§ TASK BRIEF
I'd like the entries reproduced exactly, with all pictures omitted.

§ DATA TO PROCESS
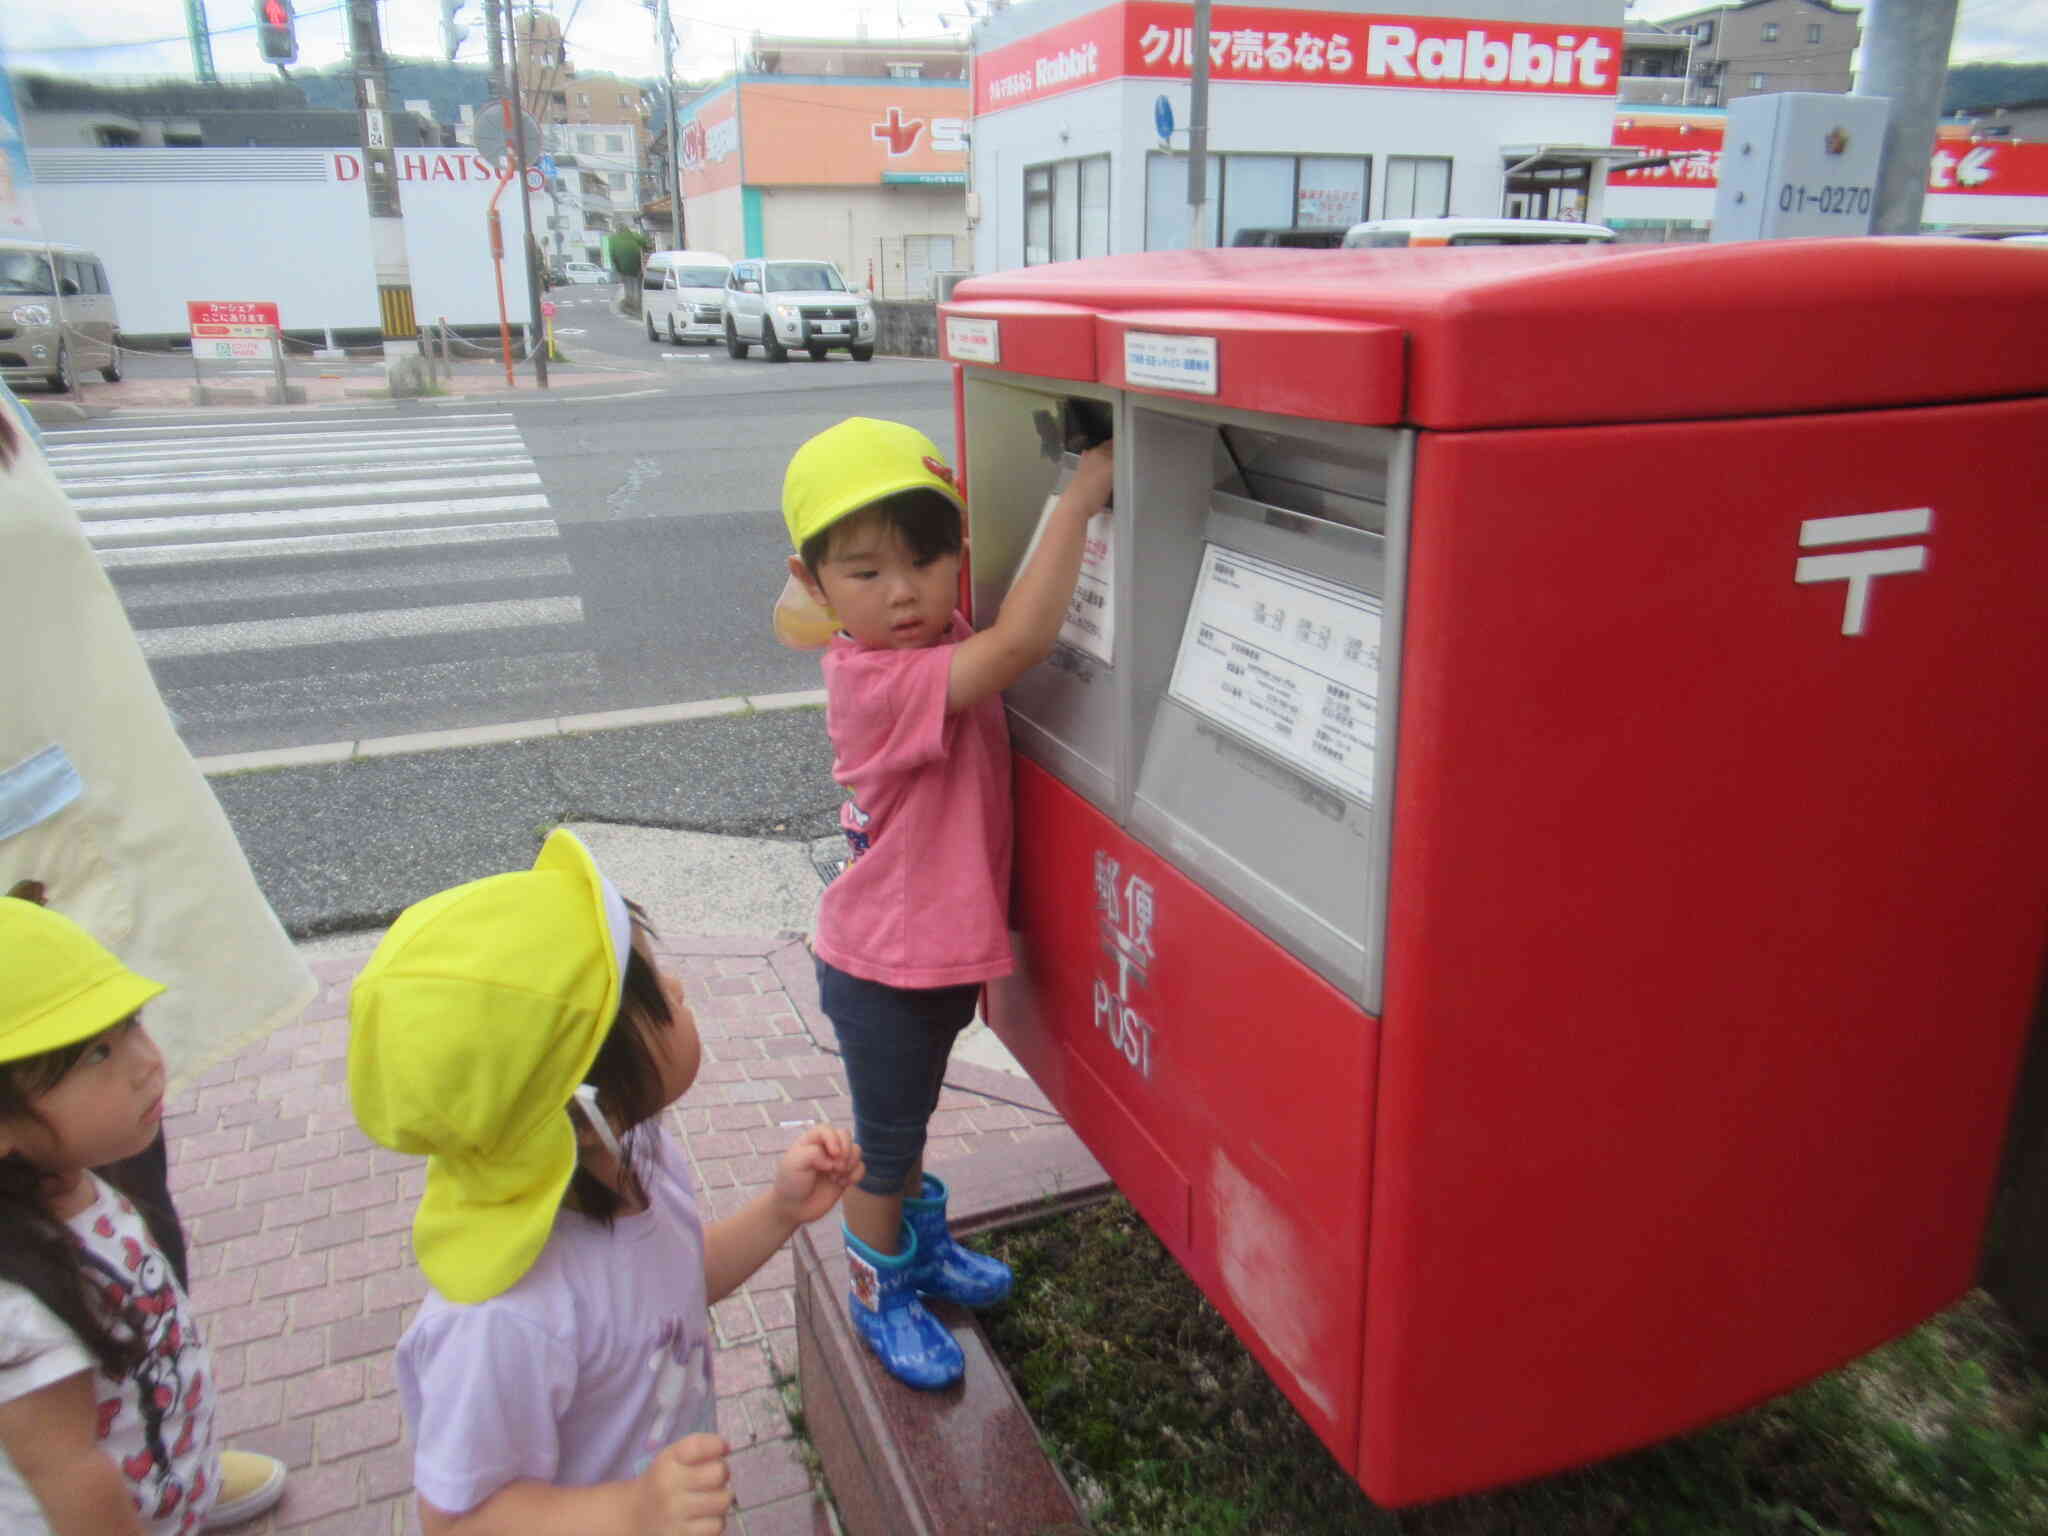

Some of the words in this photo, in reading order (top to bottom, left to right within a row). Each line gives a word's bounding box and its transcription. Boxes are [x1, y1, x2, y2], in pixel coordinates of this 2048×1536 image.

[1035, 41, 1098, 89] Rabbit
[1139, 25, 1354, 72] クルマ売るなら
[1366, 24, 1610, 86] Rabbit
[334, 154, 515, 182] DHATS
[1779, 184, 1870, 215] 01-0270

§ YOUR RESPONSE
Some of the words in this photo, in reading order (top to bottom, left to right within a row). Each line gives a word's bounding box and its transcription. Boxes are [x1, y1, x2, y2], in pixel coordinates of this 2048×1536 image.

[1035, 41, 1098, 89] Rabbit
[1139, 25, 1354, 72] クルマ売るなら
[1366, 24, 1610, 86] Rabbit
[334, 154, 515, 182] DHATS
[1779, 184, 1870, 215] 01-0270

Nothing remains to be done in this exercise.